We want to install Prometheus and Grafana, they will be our monitoring stronghold to retrieve and analyze any collected metrics.

We will not bother with high-availability/fault-tolerant issues for now, this is a subject on which I’m not finding any design patterns. Only answer I got was “Use sharding and only one prometheus server per datacenter”, but It doesn’t cover any case on when the prometheus server has an issue (hardware failure or else).

Prometheus installation

Prometheus is an open-source systems monitoring and alerting toolkit originally built at SoundCloud in 2012. Prometheus collects and stores its metrics as time series data, i.e. metrics information is stored with the timestamp at which it was recorded, alongside optional key-value pairs called labels.

Why use time series collection ?

Typically, metrics are best used for monitoring, profiling, and alerting. The efficiency of summarizing data makes them great for monitoring and performance profiling because you can economically store long retention periods of data, giving you dashboards that look back over time. They are also great for alerting because they are fast and can trigger notifications almost instantaneously without the need for expensive queries.

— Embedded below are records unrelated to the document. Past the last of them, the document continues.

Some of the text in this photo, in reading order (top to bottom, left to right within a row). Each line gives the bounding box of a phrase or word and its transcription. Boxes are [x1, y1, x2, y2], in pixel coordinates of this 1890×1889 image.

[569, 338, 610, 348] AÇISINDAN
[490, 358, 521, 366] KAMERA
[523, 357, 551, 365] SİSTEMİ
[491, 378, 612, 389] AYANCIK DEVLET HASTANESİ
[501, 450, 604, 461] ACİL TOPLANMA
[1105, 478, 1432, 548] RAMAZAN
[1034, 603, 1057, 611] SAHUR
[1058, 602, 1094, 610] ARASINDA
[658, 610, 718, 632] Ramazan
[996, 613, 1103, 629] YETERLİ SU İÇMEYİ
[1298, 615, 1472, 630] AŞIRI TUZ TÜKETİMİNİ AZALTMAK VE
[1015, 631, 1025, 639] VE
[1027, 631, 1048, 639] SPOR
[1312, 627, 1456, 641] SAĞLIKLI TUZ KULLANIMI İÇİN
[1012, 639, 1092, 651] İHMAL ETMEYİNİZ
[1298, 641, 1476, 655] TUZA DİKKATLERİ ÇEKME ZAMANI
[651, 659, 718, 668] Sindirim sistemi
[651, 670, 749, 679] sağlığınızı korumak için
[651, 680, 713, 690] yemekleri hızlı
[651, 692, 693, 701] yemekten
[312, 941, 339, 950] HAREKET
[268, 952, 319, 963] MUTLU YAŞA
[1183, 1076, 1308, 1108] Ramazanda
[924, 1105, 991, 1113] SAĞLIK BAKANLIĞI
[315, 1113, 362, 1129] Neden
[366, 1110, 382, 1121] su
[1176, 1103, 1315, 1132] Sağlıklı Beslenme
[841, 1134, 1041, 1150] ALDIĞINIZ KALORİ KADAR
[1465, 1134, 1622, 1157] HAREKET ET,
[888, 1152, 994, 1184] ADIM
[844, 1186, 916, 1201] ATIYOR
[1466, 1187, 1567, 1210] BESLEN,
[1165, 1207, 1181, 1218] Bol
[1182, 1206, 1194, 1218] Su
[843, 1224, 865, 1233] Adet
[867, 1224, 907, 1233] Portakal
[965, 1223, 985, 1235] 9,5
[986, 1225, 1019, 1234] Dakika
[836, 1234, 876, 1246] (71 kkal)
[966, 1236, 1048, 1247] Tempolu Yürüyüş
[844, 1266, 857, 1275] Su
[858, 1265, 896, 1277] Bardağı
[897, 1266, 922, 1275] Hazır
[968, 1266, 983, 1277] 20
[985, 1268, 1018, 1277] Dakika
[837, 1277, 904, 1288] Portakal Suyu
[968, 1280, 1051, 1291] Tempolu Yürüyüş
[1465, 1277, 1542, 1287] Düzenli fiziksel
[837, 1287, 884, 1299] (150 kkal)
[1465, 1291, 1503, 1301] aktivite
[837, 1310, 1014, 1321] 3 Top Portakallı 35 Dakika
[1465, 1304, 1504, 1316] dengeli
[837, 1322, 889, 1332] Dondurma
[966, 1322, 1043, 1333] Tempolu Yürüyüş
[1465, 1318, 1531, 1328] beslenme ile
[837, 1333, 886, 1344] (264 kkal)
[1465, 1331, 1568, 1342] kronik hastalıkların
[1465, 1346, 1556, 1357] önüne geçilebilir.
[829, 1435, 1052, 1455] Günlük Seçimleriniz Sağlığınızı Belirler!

Metrics represent roughly 90% of the monitoring workload. source

Later on, we will think on adding a log-based monitoring (like Filebeat or else) and trace-based monitoring (like Jaeger).

Again, we have a provided prometheus docker that we can use out-of-the-box:

https://docs.docker.com/config/daemon/prometheus/
https://hub.docker.com/r/prom/prometheus

Our endgoal is to have a prometheus service available which we can access on prometheus.binsh.io

We create a prometheus.yml which will be the configuration, It should be static across all prometheus docker since It will define scrape_interval and targets

$ cat prometheus.yml 
# my global config
global:
  scrape_interval:     15s # Set the scrape interval to every 15 seconds. Default is every 1 minute.
  evaluation_interval: 15s # Evaluate rules every 15 seconds. The default is every 1 minute.
  # scrape_timeout is set to the global default (10s).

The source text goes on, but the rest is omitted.